Per iniziare, in una cappa di coltura cellulare, aggiungere il lipoaspirato raccolto in una provetta da centrifuga da 50 millilitri. Trasferire il lipoaspirato in una siringa Luer lock sterile da 20 millilitri. Quindi collegare un connettore da 1,4 millimetri alla siringa.
Collegare ora una seconda siringa Luer lock da 20 millilitri al lato controlaterale del connettore. Spingere il tessuto adiposo da una siringa all'altra circa 30 volte. Quindi trasferire il grasso emulsionato in una provetta da centrifuga fresca da 50 millilitri.
Centrifugare il grasso a 500 g per 10 minuti. Quindi scartare lo strato superiore oleoso. Raccogliere lo strato centrale purificato contenente lo strato vascolare stromale separato e trasferirlo in una provetta da centrifuga fresca da 50 millilitri.
Ora riempi la provetta da centrifuga con DMEM integrato fino a 40 millilitri. Centrifugare nuovamente la provetta a 500 G per cinque minuti. Raccogliere lo strato di mSVF risultante e trasferirlo in una nuova provetta da centrifuga da 50 millilitri.
In una provetta sterile da 1,5 millilitri, pipettare 100 microlitri della frazione vascolare stromale isolata. A questo, aggiungere 10 microlitri di trombina, quindi pipettare 10 microlitri di cloruro di calcio. Infine, aggiungere 70 microlitri di acido tranexamico alla miscela.
Con un puntale della pipetta nuovo, aggiungere 10 microlitri di fibrinogeno al tubo poco prima dell'applicazione. Dopo la polimerizzazione della miscela di idrogel mSVF, pipettare 200 microlitri di idrogel in una piastra a 12 pozzetti per scopi analitici. Ora aggiungi 100 microlitri di idrogel di fibrina in un pozzetto come controllo negativo.
Incubare la piastra a 12 pozzetti a 37 gradi Celsius sotto il 5% di anidride carbonica per 30 minuti. Quindi aggiungere un millilitro di terreno di coltura preriscaldato a ciascun pozzetto. Riposizionare la piastra a 12 pozzetti nell'incubatore per quattro ore.

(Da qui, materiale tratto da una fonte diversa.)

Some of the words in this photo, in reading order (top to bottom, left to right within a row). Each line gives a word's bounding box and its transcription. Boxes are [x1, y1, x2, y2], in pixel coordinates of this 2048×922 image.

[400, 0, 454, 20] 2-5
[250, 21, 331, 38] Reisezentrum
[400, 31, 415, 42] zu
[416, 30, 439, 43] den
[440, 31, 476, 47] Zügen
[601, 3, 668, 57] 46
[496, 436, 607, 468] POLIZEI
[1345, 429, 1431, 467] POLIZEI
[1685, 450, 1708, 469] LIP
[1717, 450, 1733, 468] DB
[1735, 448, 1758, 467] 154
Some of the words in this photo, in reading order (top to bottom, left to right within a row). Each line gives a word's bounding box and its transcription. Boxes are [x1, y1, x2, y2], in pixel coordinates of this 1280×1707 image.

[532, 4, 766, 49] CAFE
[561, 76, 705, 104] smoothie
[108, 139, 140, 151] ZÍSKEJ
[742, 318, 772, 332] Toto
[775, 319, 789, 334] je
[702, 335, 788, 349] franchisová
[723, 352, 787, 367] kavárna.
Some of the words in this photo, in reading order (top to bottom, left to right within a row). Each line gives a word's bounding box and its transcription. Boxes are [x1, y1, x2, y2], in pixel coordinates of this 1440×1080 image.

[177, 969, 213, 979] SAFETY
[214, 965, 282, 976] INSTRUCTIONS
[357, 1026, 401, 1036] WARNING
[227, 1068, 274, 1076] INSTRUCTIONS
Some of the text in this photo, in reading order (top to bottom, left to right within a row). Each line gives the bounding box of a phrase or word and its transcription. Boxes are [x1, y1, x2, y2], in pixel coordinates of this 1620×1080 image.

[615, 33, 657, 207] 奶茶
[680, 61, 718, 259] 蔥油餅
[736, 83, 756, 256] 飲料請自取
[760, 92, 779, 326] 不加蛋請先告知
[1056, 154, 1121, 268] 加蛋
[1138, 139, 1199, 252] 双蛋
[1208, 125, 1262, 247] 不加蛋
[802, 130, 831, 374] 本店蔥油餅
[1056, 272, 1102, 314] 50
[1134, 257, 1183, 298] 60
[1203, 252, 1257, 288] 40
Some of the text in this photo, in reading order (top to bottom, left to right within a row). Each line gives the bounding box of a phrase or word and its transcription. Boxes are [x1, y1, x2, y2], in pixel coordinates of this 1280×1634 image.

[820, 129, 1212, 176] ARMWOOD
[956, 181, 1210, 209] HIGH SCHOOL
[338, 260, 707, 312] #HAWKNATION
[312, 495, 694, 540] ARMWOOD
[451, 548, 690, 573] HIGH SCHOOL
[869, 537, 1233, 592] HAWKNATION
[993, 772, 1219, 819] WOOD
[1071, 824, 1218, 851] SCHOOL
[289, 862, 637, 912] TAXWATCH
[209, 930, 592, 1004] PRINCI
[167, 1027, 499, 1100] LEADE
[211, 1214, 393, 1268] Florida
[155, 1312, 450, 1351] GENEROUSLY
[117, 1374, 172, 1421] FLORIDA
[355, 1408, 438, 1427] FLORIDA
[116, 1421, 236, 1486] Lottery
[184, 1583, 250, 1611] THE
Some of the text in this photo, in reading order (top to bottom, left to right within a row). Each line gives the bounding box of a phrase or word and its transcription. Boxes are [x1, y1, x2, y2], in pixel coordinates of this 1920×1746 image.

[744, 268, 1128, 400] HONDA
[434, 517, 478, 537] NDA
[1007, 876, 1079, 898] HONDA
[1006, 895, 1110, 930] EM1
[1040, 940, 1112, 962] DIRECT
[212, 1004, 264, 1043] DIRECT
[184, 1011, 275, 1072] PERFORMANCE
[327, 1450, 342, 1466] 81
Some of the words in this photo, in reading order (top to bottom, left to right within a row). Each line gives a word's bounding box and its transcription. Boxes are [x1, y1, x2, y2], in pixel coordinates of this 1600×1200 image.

Aggiungere un millilitro di resazurina a ciascun pozzetto prima di incubare nuovamente per 24 ore. Pipettare i campioni di resazurina in una piastra a 96 pozzetti. Il giorno successivo, utilizzare un lettore di micropiastre multimodale per imaging cellulare per misurare la prima intensità di fluorescenza.
Per l'analisi istologica nei giorni uno, tre e sette, incubare l'idrogel di fibrina in 0,5 millilitri di paraformaldeide al 4%. Ora aggiungi l'1% di PBS al piatto e conservalo a quattro gradi Celsius. Il test della resazurina è stato eseguito per quantificare la vitalità cellulare in vitro della frazione vascolare e dell'idrogel.
La frazione vascolare ha mostrato una ridotta vitalità il terzo giorno, mentre la combinazione di idrogel mSVF-fibrina è rimasta vicina al basale. Entro il settimo giorno, la vitalità della mSVF è diminuita, mentre la combinazione di idrogel di mSVF e fibrina è aumentata. L'analisi istologica non ha mostrato alcuna riduzione del numero di nuclei cellulari nei giorni tre e sette.
L'idrogel di fibrina ha mostrato una degradazione minima con cluster cellulari visibili distribuiti uniformemente.